Richard Richardson (1704–1780) was an American planter and military officer from Clarendon County, South Carolina who served as a brigadier general in the American Revolutionary War.

==Career==
Richardson was born in Jamestown, Virginia in the early 1700s. Both of his parents were from Northamptonshire, England. Richardson was a delegate to The First Provincial Congress in 1775, and The Second Provincial Congress in 1776. Richardson served in the South Carolina Militia during the American Revolution and also in the Continental Army. He was the leader of the American forces in the Snow Campaign, and also fought in the Battle of Sullivan's Island, and the Battle of Savannah. In 1776, he commanded American forces and defeated the British in the Battle of Charleston. He commanded The South Carolina State Militia at Purrysburg in 1778. He was captured by the British when they took Charleston in 1780, was imprisoned by the British. With his health failing he was sent home and soon died.
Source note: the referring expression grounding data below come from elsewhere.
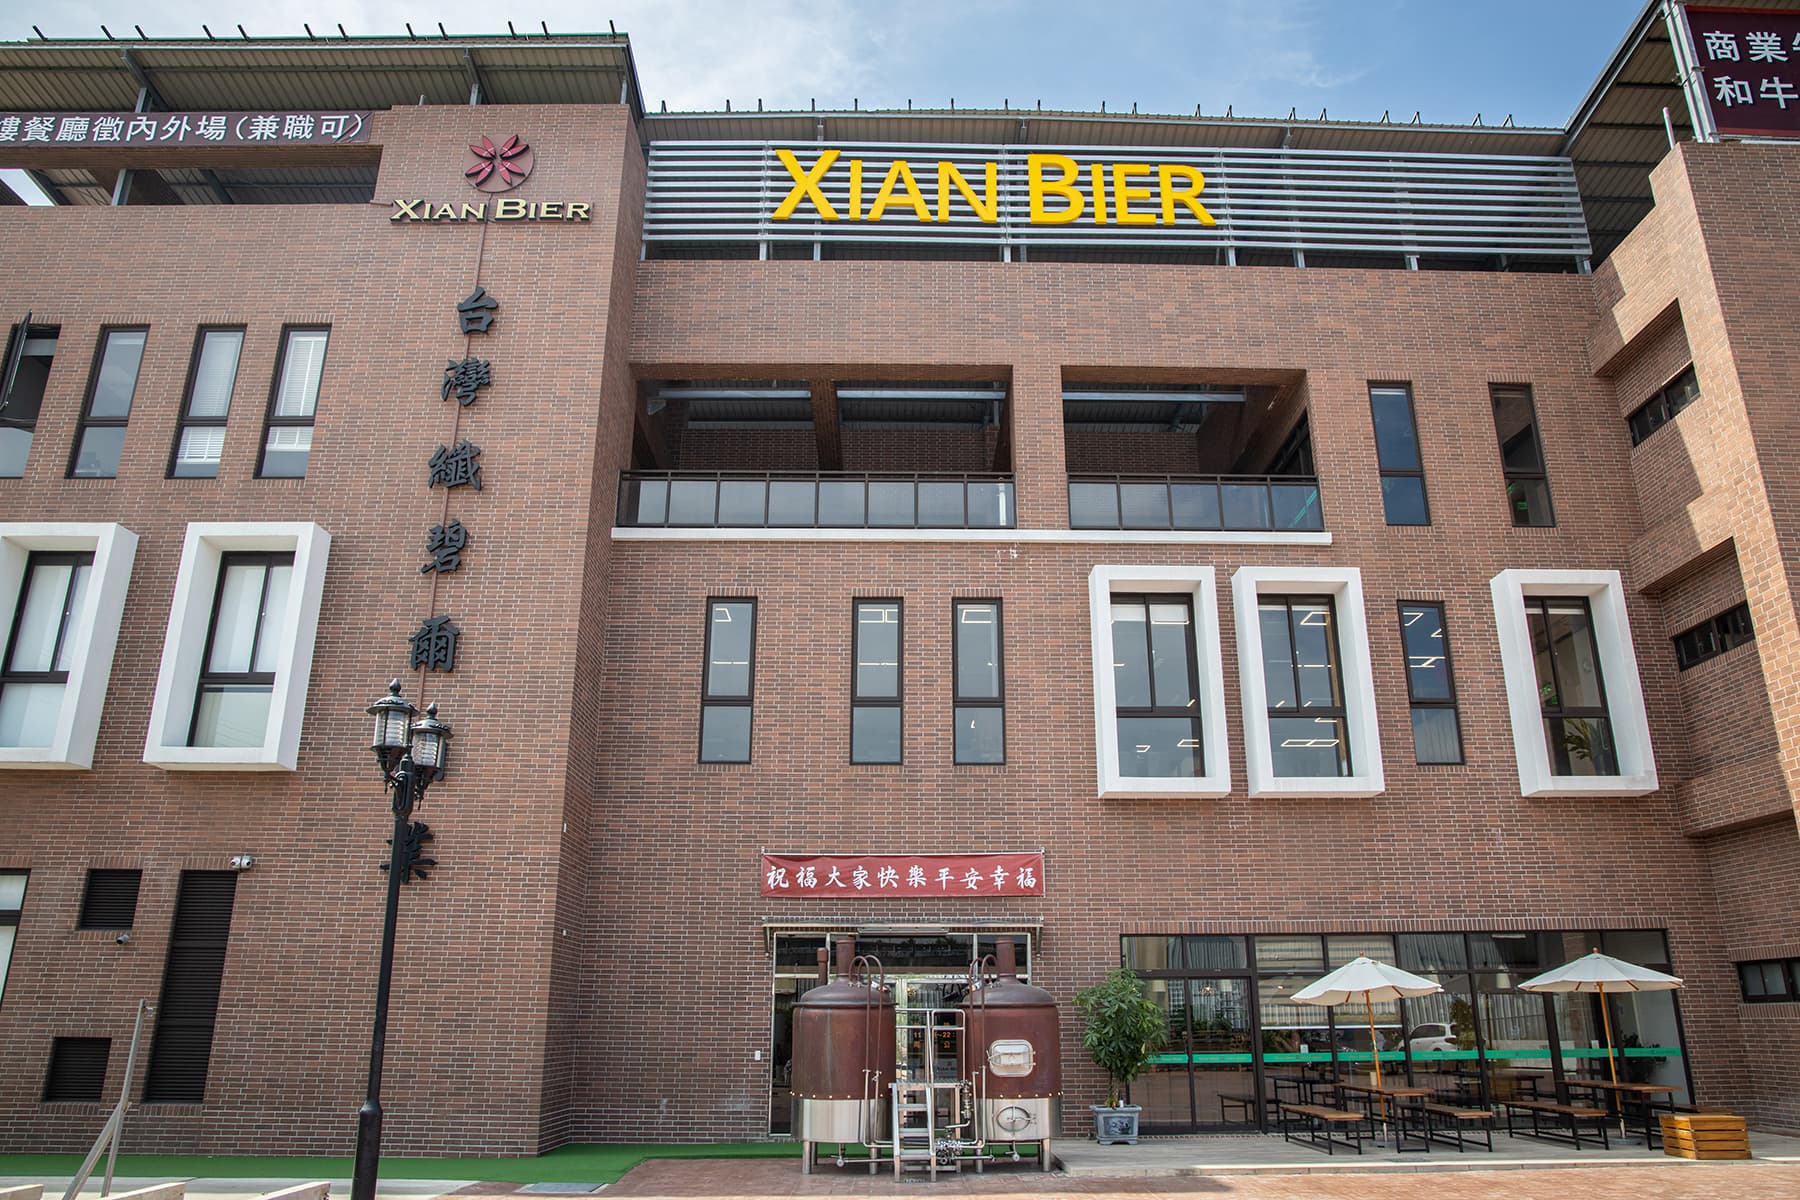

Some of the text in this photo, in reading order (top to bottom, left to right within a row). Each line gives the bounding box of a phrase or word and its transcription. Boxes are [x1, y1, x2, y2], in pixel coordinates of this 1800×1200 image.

[1703, 30, 1800, 62] 商業
[1713, 76, 1799, 109] 和牛
[772, 149, 1217, 226] XIAN BIER
[390, 198, 592, 222] XIAN BIER
[766, 864, 1038, 890] 祝福大家快樂平安幸福
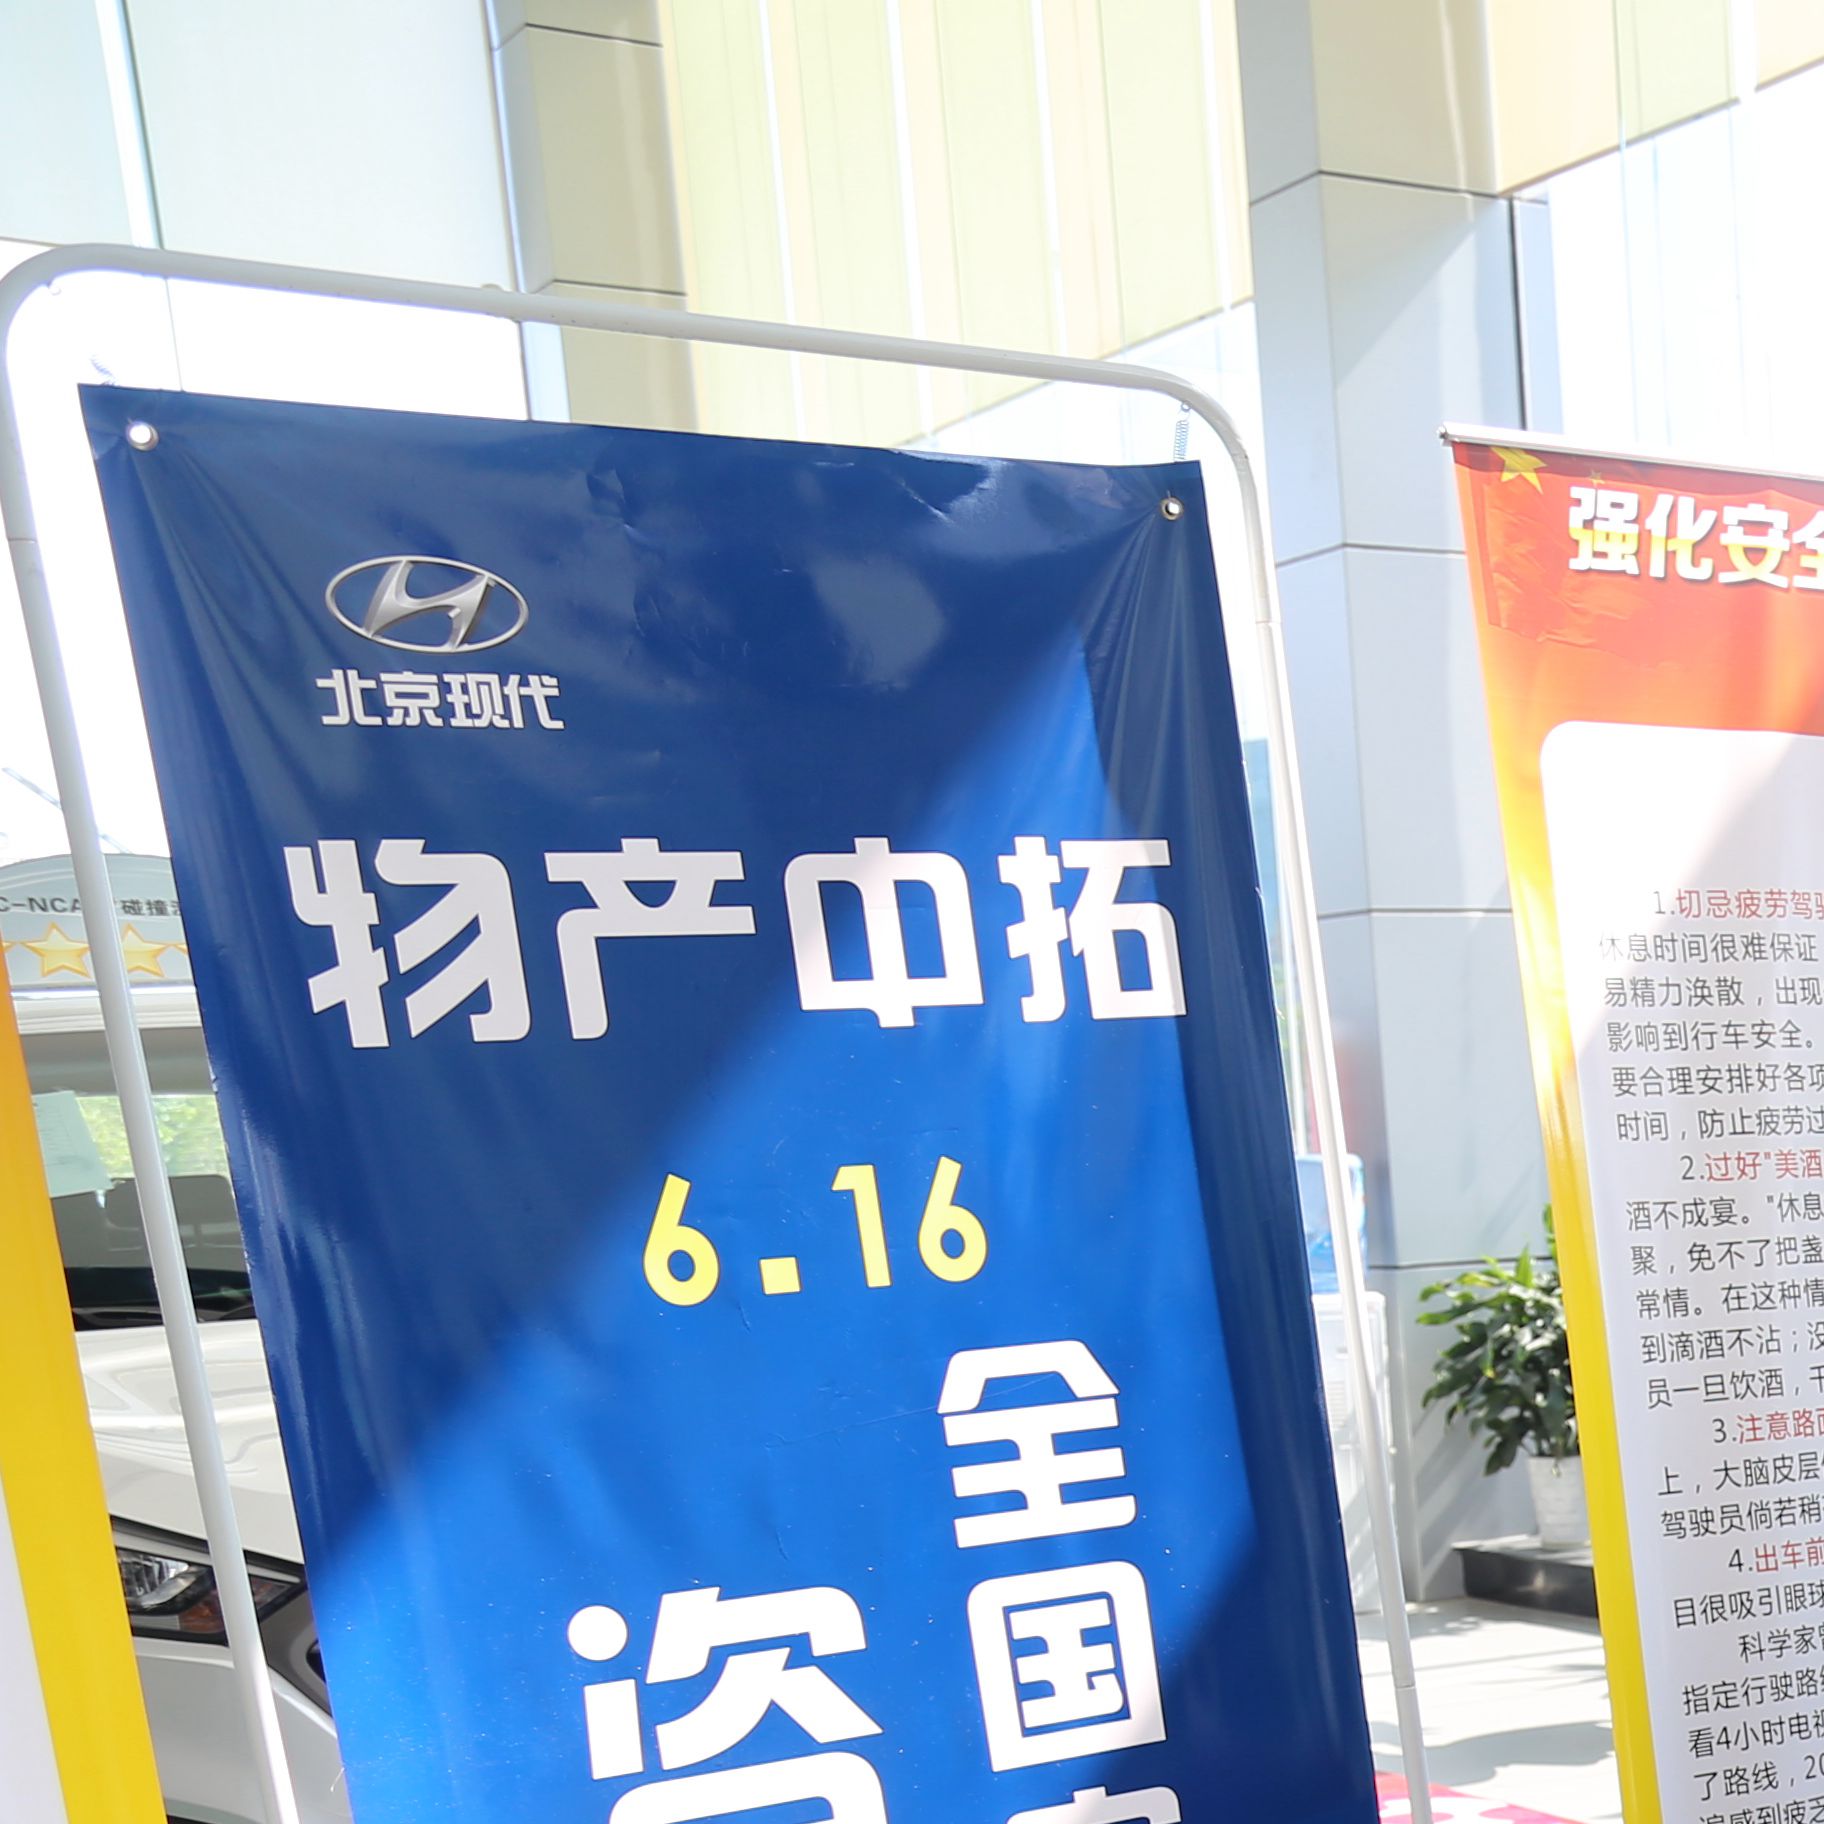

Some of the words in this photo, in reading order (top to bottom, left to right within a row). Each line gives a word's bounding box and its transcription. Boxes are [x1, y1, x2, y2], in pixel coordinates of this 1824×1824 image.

[314, 668, 565, 731] 北京现代
[283, 836, 1187, 1050] 物产中拓
[643, 1155, 988, 1307] 6.16
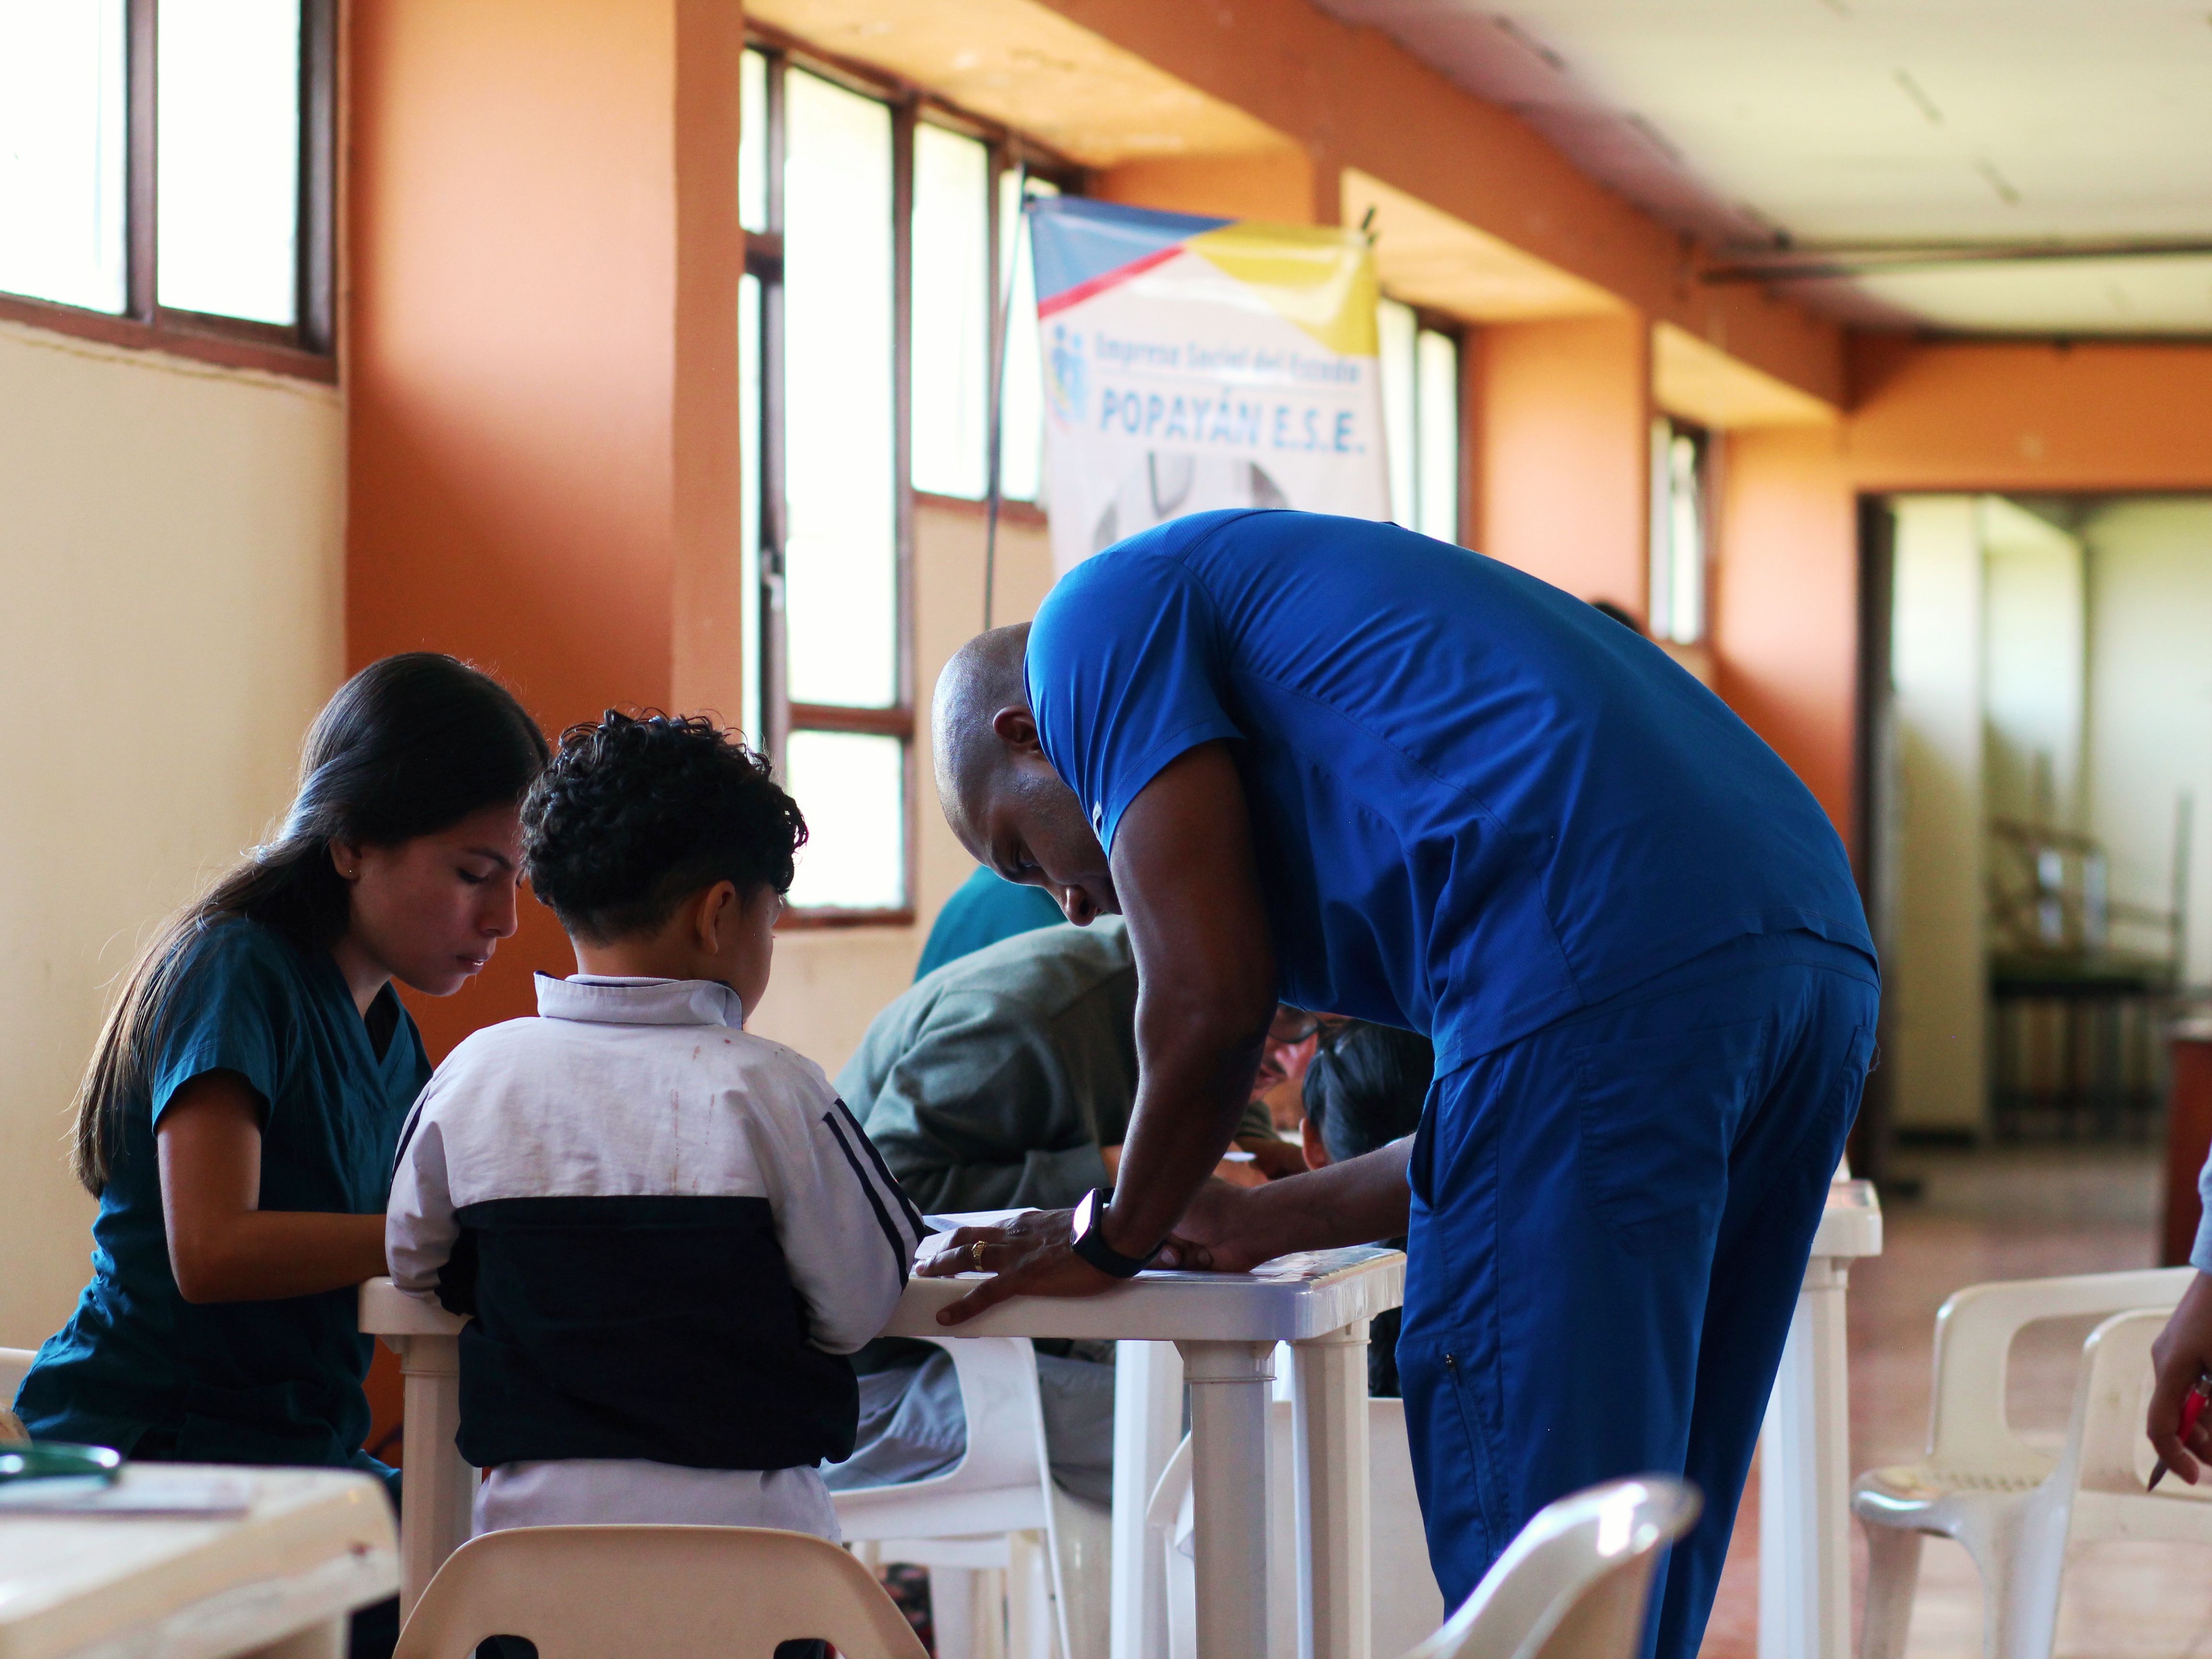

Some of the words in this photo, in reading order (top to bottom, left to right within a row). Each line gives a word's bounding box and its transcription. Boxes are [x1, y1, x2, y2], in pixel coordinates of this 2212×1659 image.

Richardson has previously served as a colonel during the Anglo-Cherokee War of 1760 and 1761.

==Personal life==
Richardson married first to Mary Cantey, and then to Dorothy Sinkler, and had five children. Richard's son, James Burchill Richardson was the 41st governor of South Carolina, and his grandson John Peter Richardson II (1801–1864) was the 59th governor. His grandson John Lawrence Manning was the 65th governor of South Carolina (1852-1854) as well as a signer of the Ordinance of Secession. His great-great grandson Richard Irvine Manning III served as a state legislator and as the 92nd governor from 1915 to 1919.

Richardson is a cousin of poet Robert Browning. Richardson's great-great grandmother was Mary Browning (sister of the poet's ancestor).

==Death and burial==

Richardson died in 1780 and was buried at the Richardson Cemetery in Rimini, Clarendon County, South Carolina. His body was later dug up and his plantation burned down on the orders of British commander Banastre Tarleton, who was in the process of pillaging Richardson's home in an attempt to discover the location of Patriot militia commander Francis Marion.